Sum of two numbers is 103. If greater number is divided by smaller number then the quotient is 2 and the remainder is 19. Then find the numbers.
Answers
answer 74 and 29
Step-by-step explanation:
Let a = the larger # and b = the smaller #.
Eq 1) a + b = 103
Eq 2) a - 2b = 16 Rearrange this equation to solve for a.

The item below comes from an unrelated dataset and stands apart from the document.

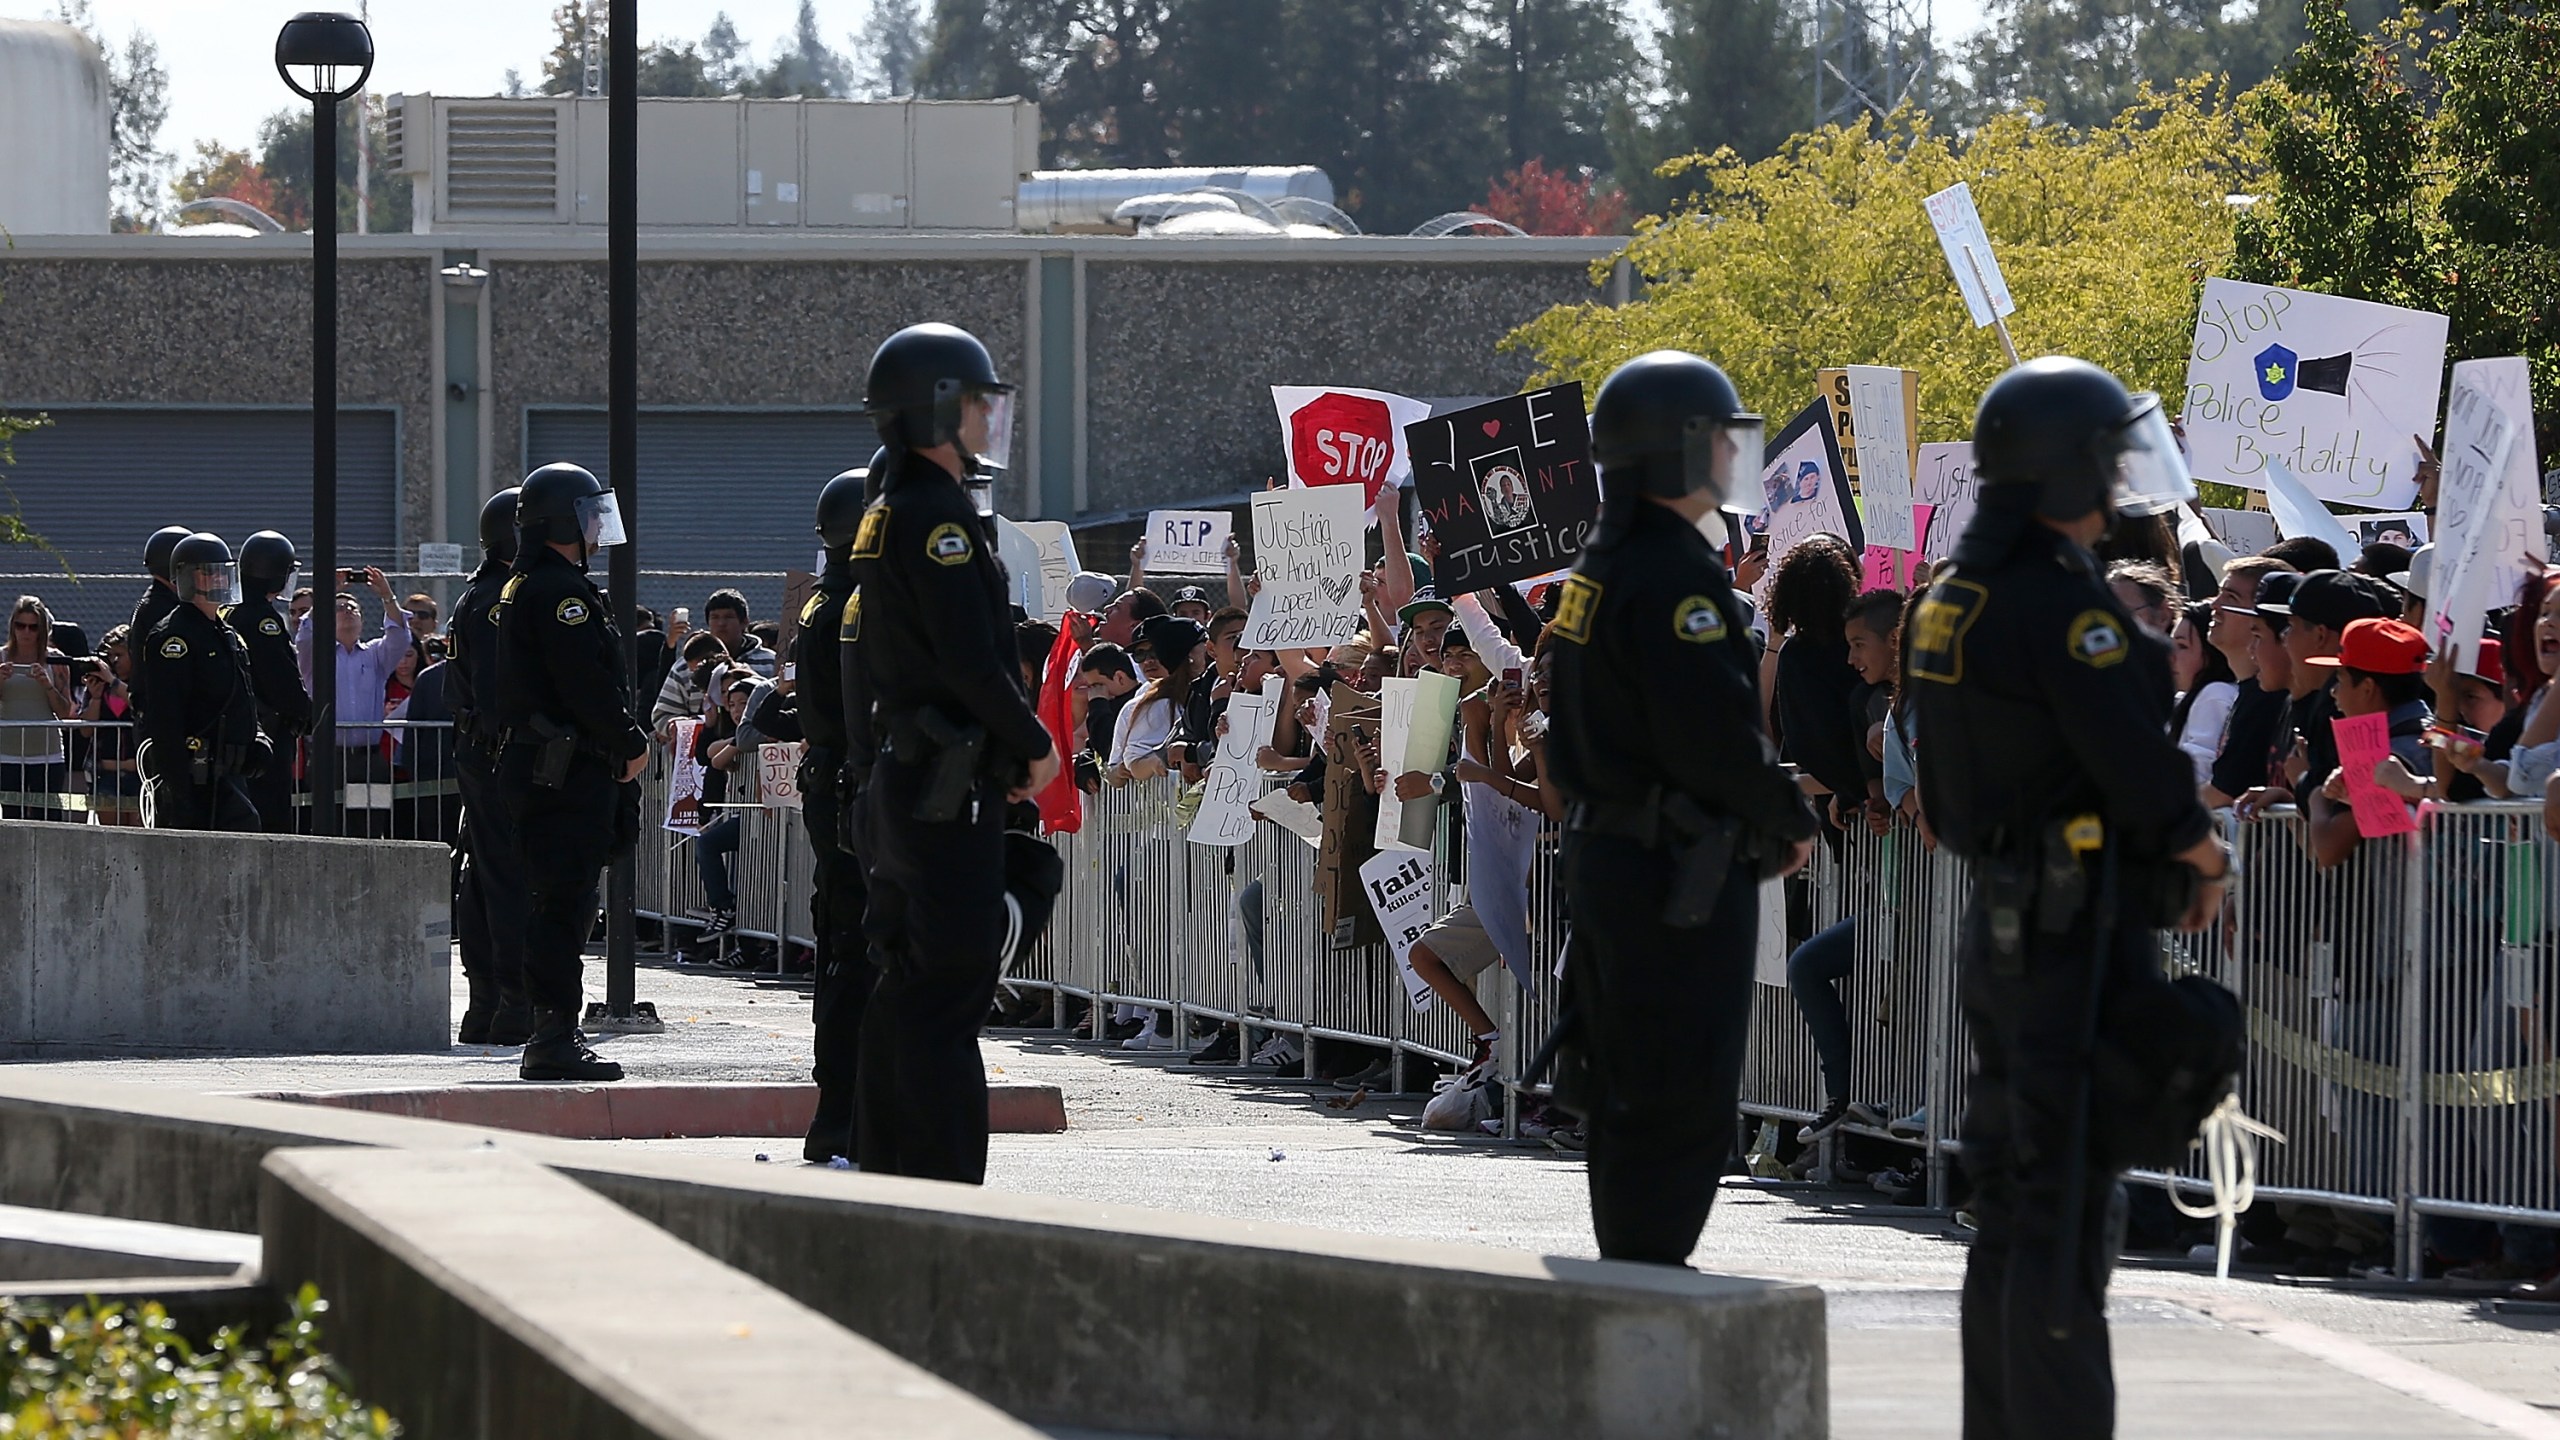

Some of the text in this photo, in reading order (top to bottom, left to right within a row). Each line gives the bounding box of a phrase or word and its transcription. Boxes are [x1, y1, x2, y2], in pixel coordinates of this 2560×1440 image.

a = 16 + 2b Substitute this equation into Eq 1), you get
16 + 2b + b = 103
3b = 103 - 16
3b = 87
b = 87 / 3 = 29 (smaller #)
a = 16 + 2b
= 16 + 2(29)
= 16 + 58 = 74 (the larger #)
To confirm, a + b = 103
74 + 29 = 103
Answer:
Given
Sum of two numbers = 103
If greater number if divided by smaller number.
Quotient = 2
Remainder = 19
To find
The numbers
Solution
↪ Let the numbers be x and y and y is greater among them.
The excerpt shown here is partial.